The voice can’t be ignored any longer and when he looks down and sees a _blonde_ head bobbing up and down in his lap, he feels physically sick. He can’t go through with this.

“Stop. Get out,” he grunts through gritted teeth, pushing at her shoulders.

She sits back on her heels and looks up at him, suddenly angry.

“I have never had _anyone_ refuse head from me.”

“I’m not just anyone,” he dismisses her, tucking himself back into his pants. She’s still not moving and he gets up to haul her by the elbow over to the door. “I asked you to leave.”

He doesn’t even care when he throws her out into the hall topless, tossing her shoes out after her.

.   .   .   .   .

Every single day for almost three weeks, Rachel waits for him. For eighteen days in a row, she stops at the bakery next to her apartment, picks up an orange-blueberry muffin and a decaf coffee, and goes to his favorite area of Central Park to wait for him. Every morning for eighteen days, she hopes to see him. Every morning for eighteen days, she leaves disappointed.

On the nineteenth day, her heart leaps into her throat as she finally sees him round the corner.

“Jesse,” she calls, stepping into the middle of the path in front of him.

Stunned, he stops in front of her, his eyes locked on her face. He’s breathing heavily from his run, but he doesn’t even take out his headphones. He just utters a quiet “No,” and then runs away from her.

.   .   .   .   .

On the twentieth day, she’s waiting on the bench again as he passes by. This time, he stops. He can’t avoid her any longer, no matter what the knot in his stomach would have him do.

“What do you expect me to say to you?”

“I don’t know.” She’s starting to cry and he has to look away from her face, focusing on the tree behind her. It kills him to know that she’s hurting, drowning in guilt. He reminds himself that she would be crying anyway if he came back, and he’s not ready to do that yet.

“Would you do it again?” The question is quiet, but it carries the future of their relationship of its back.

Her silence is all the answer he needs.

The next day, she isn’t waiting for him, and after that Jesse changes his route through the park so he doesn’t have to be reminded that she ever did.
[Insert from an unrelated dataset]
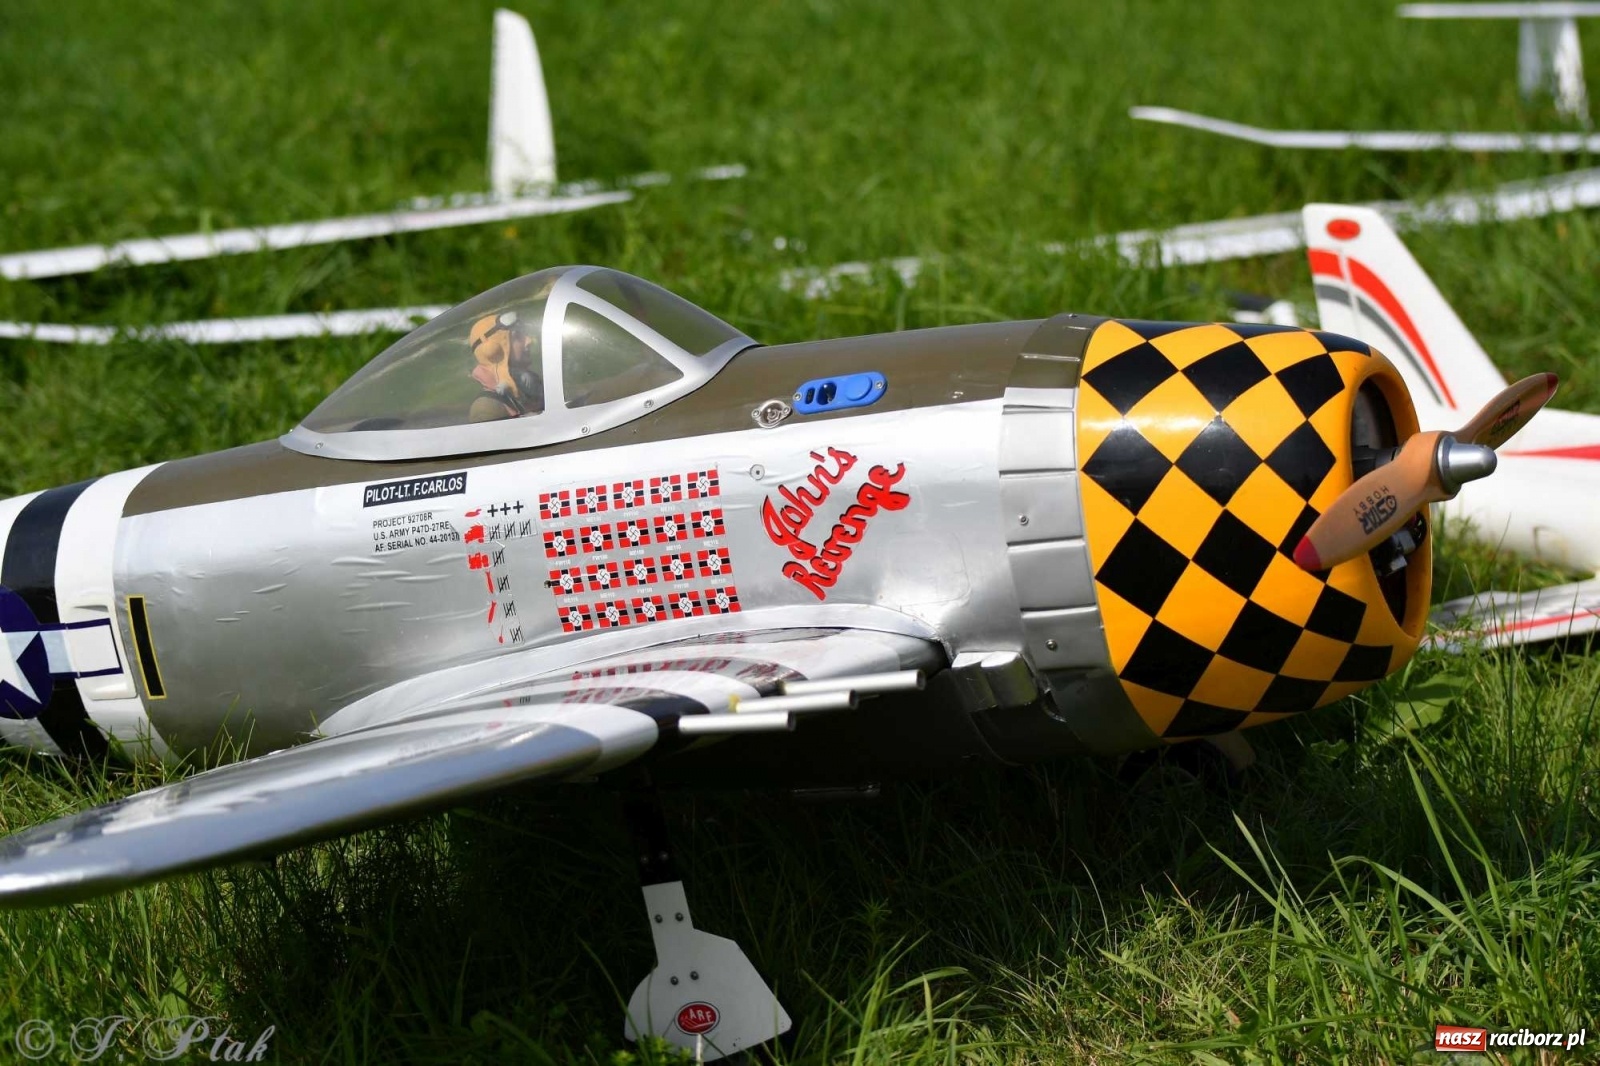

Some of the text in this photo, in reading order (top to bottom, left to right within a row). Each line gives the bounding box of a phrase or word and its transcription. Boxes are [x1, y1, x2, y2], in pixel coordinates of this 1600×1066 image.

Seeing her had been pure torture. The hope and pain that was on her face was almost too much for him. At this point, he’s not sure whether he’s staying away because he’s still mad or because he’s not ready to face up to his actions.

.   .   .   .   .

It’s two a.m., just about a week after he last ran into Rachel in the park, when he’s woken by a phone call. He rolls over in his king sized bed that feels way too empty without her and grabs his cell phone from the hotel nightstand.

“What?” he grumbles into the phone.

“Jesse?” The girl on the other end of the line is crying, sobbing, her voice breaking and cracking. One word never carried so much heartbreak.

“Bethany? What’s wrong?” His heart speeds up, beating faster and faster with every second. Not Rachel, it _couldn’t_ be her. _Please God, not her, not yet._

“It-It’s Chris. He--Oh, God.”

The weight on Jesse’s chest eases up, but only a little bit. It’s not Rachel, he tells himself over and over again.

“Where are you?” he asks, entering crisis mode, thinking he was ready to deal with whatever was happening.

“We’re at St. Luke’s.”

“I’m leaving now.” He didn’t need to ask to know who “we” was.

.   .   .   .   .

They’re huddled together in the chairs in the waiting room, clinging to each other like they’re scared tomorrow will never come.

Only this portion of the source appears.